Images for object localization
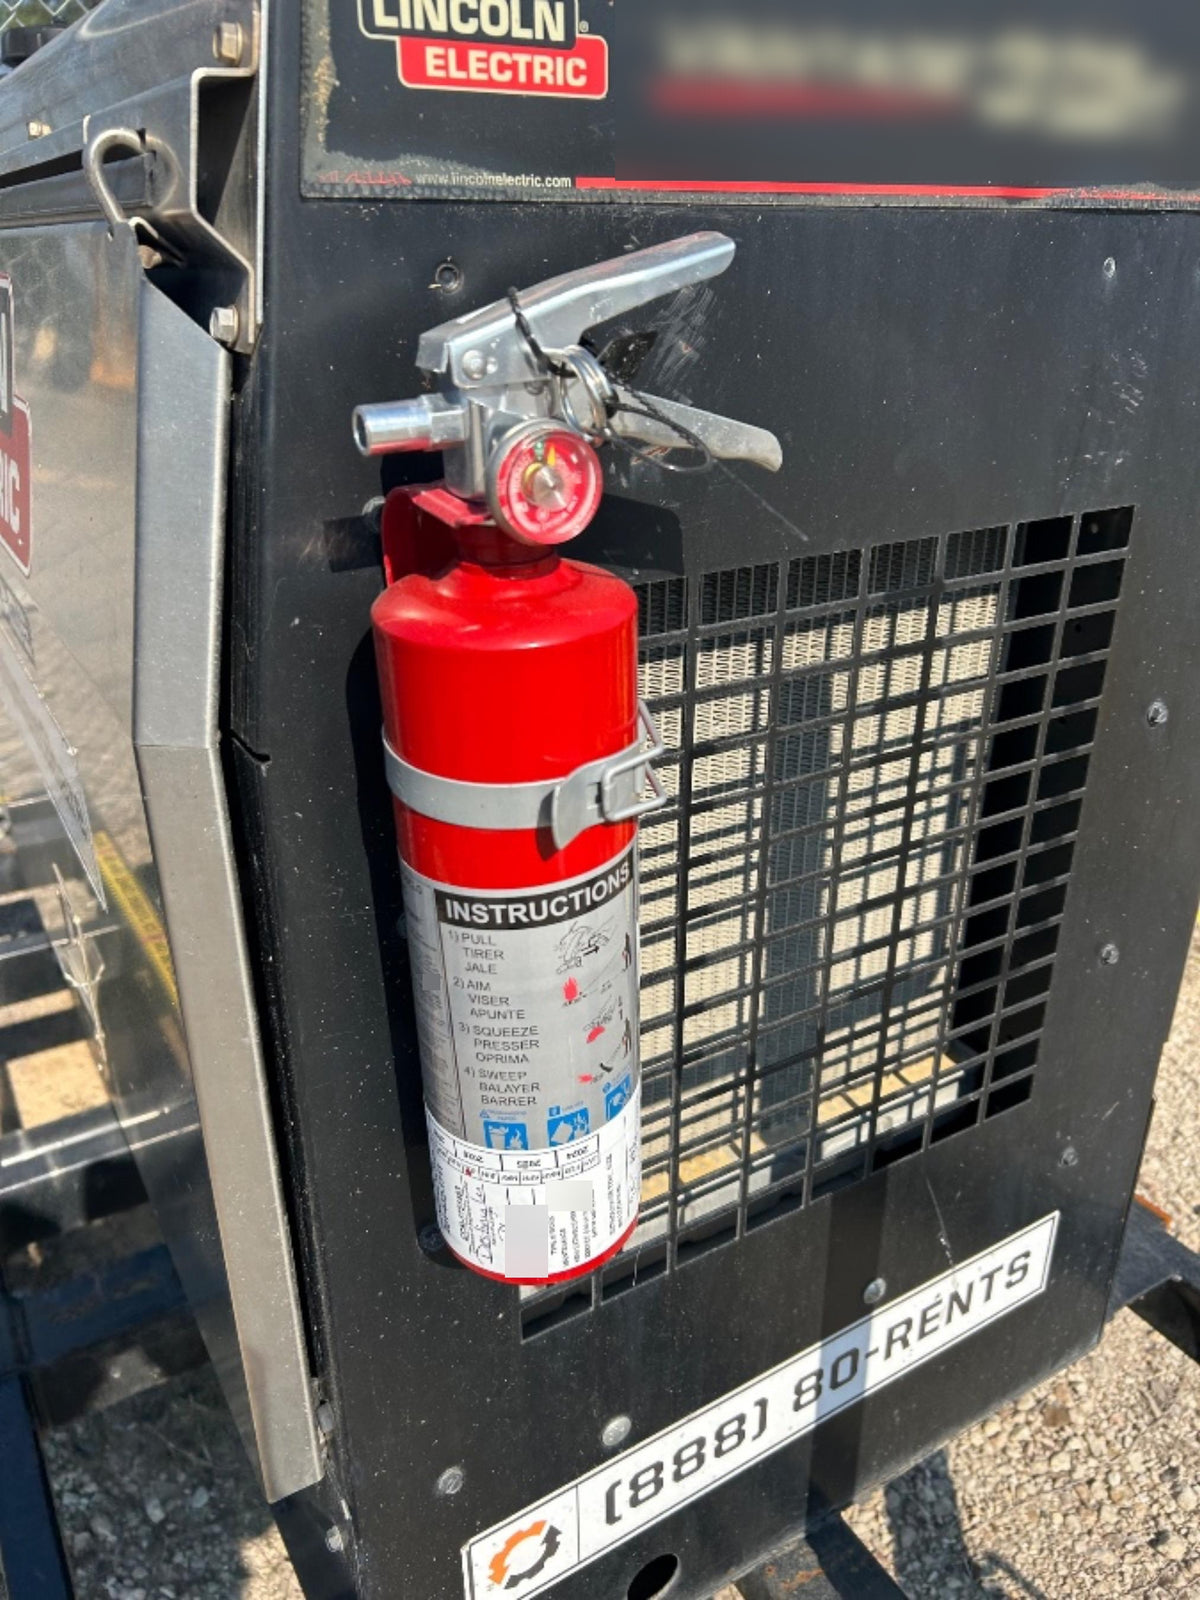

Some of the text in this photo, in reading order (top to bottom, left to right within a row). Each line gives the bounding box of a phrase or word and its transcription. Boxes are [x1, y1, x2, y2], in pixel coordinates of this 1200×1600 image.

[373, 0, 566, 42] LINCOLN
[425, 46, 588, 87] ELECTRIC
[416, 172, 572, 188] www.lincolnelectric.com
[445, 862, 630, 925] INSTRUCTIONS
[461, 932, 497, 946] PULL
[462, 946, 505, 960] TIRER
[464, 961, 498, 975] JALE
[467, 979, 491, 991] AIM
[468, 993, 510, 1006] VISER
[470, 1007, 526, 1020] APUNTE
[473, 1025, 540, 1037] SQUEEZE
[474, 1038, 540, 1051] PRESSER
[476, 1052, 529, 1064] OPRIMA
[478, 1068, 527, 1081] SWEEP
[479, 1082, 540, 1094] BALAYER
[481, 1094, 537, 1107] BARRER
[604, 1249, 1033, 1527] (888) 80-RENTS

*Required work:* Copy out all the data exactly. The images should not appear in the copy.

*Result below:*
Some of the text in this photo, in reading order (top to bottom, left to right within a row). Each line gives the bounding box of a phrase or word and its transcription. Boxes are [x1, y1, x2, y2], in pixel coordinates of this 1200×1600 image.

[373, 0, 566, 42] LINCOLN
[425, 46, 588, 87] ELECTRIC
[416, 172, 572, 188] www.lincolnelectric.com
[445, 862, 630, 925] INSTRUCTIONS
[461, 932, 497, 946] PULL
[462, 946, 505, 960] TIRER
[464, 961, 498, 975] JALE
[467, 979, 491, 991] AIM
[468, 993, 510, 1006] VISER
[470, 1007, 526, 1020] APUNTE
[473, 1025, 540, 1037] SQUEEZE
[474, 1038, 540, 1051] PRESSER
[476, 1052, 529, 1064] OPRIMA
[478, 1068, 527, 1081] SWEEP
[479, 1082, 540, 1094] BALAYER
[481, 1094, 537, 1107] BARRER
[604, 1249, 1033, 1527] (888) 80-RENTS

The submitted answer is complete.